- Assigned task
For this task, output every entry below exactly and omit the pictures.

- Dataset records
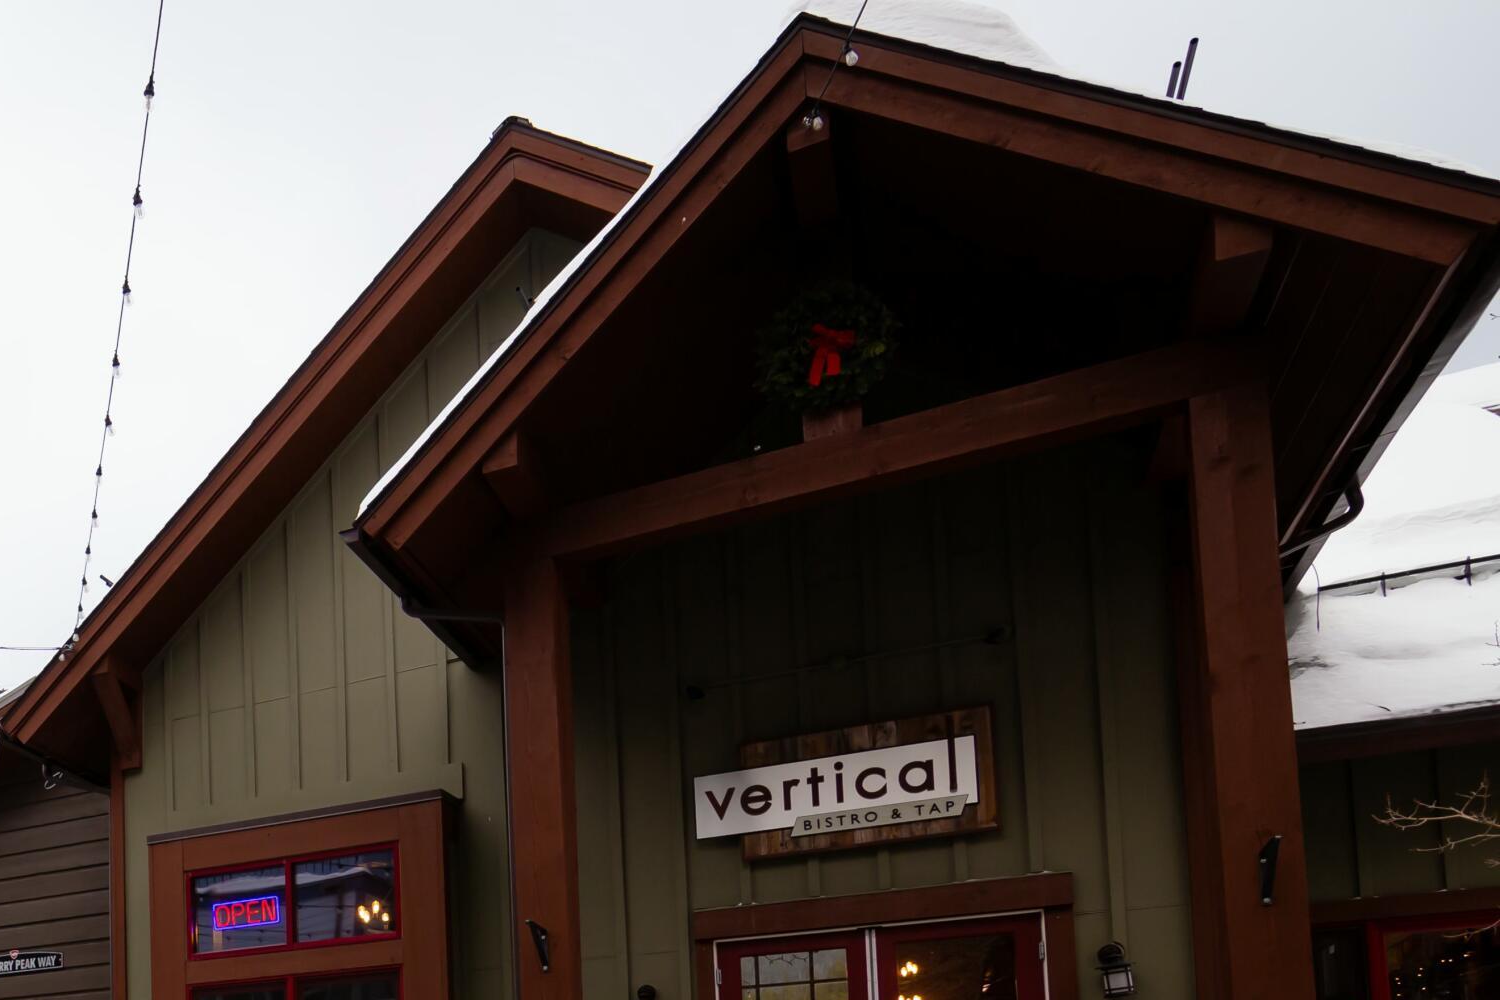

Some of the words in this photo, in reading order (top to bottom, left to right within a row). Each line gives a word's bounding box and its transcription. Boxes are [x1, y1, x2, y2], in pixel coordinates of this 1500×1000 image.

[704, 715, 958, 821] vertical
[803, 811, 879, 831] BISTRO
[891, 808, 902, 819] &
[914, 801, 956, 817] TAP
[215, 899, 277, 928] OPEN
[15, 958, 37, 970] PEAK
[37, 955, 57, 967] WAY

- Reply to the exercise
Some of the words in this photo, in reading order (top to bottom, left to right within a row). Each line gives a word's bounding box and its transcription. Boxes are [x1, y1, x2, y2], in pixel coordinates of this 1500×1000 image.

[704, 715, 958, 821] vertical
[803, 811, 879, 831] BISTRO
[891, 808, 902, 819] &
[914, 801, 956, 817] TAP
[215, 899, 277, 928] OPEN
[15, 958, 37, 970] PEAK
[37, 955, 57, 967] WAY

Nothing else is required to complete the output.